> [Data for this task]
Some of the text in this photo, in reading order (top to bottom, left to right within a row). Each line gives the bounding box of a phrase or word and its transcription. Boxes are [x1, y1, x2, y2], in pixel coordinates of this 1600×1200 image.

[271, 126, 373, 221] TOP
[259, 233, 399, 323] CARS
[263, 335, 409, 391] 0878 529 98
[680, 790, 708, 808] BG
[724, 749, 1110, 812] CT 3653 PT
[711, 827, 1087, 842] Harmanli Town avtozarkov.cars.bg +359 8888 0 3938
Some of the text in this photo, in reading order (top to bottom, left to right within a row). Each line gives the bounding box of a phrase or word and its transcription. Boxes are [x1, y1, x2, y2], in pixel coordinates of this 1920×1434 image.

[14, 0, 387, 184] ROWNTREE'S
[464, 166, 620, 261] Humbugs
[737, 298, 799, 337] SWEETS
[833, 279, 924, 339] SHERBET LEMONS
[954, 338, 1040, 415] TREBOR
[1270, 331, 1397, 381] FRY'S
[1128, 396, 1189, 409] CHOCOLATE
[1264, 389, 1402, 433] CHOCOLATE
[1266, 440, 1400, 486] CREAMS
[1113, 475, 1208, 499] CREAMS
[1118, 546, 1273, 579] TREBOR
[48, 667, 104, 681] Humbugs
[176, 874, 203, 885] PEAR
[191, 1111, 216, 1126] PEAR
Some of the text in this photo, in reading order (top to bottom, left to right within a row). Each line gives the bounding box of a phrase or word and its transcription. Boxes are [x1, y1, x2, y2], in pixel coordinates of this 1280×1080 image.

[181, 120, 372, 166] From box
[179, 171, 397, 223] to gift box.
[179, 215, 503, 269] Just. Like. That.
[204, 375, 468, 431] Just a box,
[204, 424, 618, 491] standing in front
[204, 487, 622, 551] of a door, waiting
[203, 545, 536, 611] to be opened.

> [The task] Please return the data above exactly as given.

> [Exercise answer]
Some of the text in this photo, in reading order (top to bottom, left to right within a row). Each line gives the bounding box of a phrase or word and its transcription. Boxes are [x1, y1, x2, y2], in pixel coordinates of this 1600×1200 image.

[271, 126, 373, 221] TOP
[259, 233, 399, 323] CARS
[263, 335, 409, 391] 0878 529 98
[680, 790, 708, 808] BG
[724, 749, 1110, 812] CT 3653 PT
[711, 827, 1087, 842] Harmanli Town avtozarkov.cars.bg +359 8888 0 3938
Some of the text in this photo, in reading order (top to bottom, left to right within a row). Each line gives the bounding box of a phrase or word and its transcription. Boxes are [x1, y1, x2, y2], in pixel coordinates of this 1920×1434 image.

[14, 0, 387, 184] ROWNTREE'S
[464, 166, 620, 261] Humbugs
[737, 298, 799, 337] SWEETS
[833, 279, 924, 339] SHERBET LEMONS
[954, 338, 1040, 415] TREBOR
[1270, 331, 1397, 381] FRY'S
[1128, 396, 1189, 409] CHOCOLATE
[1264, 389, 1402, 433] CHOCOLATE
[1266, 440, 1400, 486] CREAMS
[1113, 475, 1208, 499] CREAMS
[1118, 546, 1273, 579] TREBOR
[48, 667, 104, 681] Humbugs
[176, 874, 203, 885] PEAR
[191, 1111, 216, 1126] PEAR
Some of the text in this photo, in reading order (top to bottom, left to right within a row). Each line gives the bounding box of a phrase or word and its transcription. Boxes are [x1, y1, x2, y2], in pixel coordinates of this 1280×1080 image.

[181, 120, 372, 166] From box
[179, 171, 397, 223] to gift box.
[179, 215, 503, 269] Just. Like. That.
[204, 375, 468, 431] Just a box,
[204, 424, 618, 491] standing in front
[204, 487, 622, 551] of a door, waiting
[203, 545, 536, 611] to be opened.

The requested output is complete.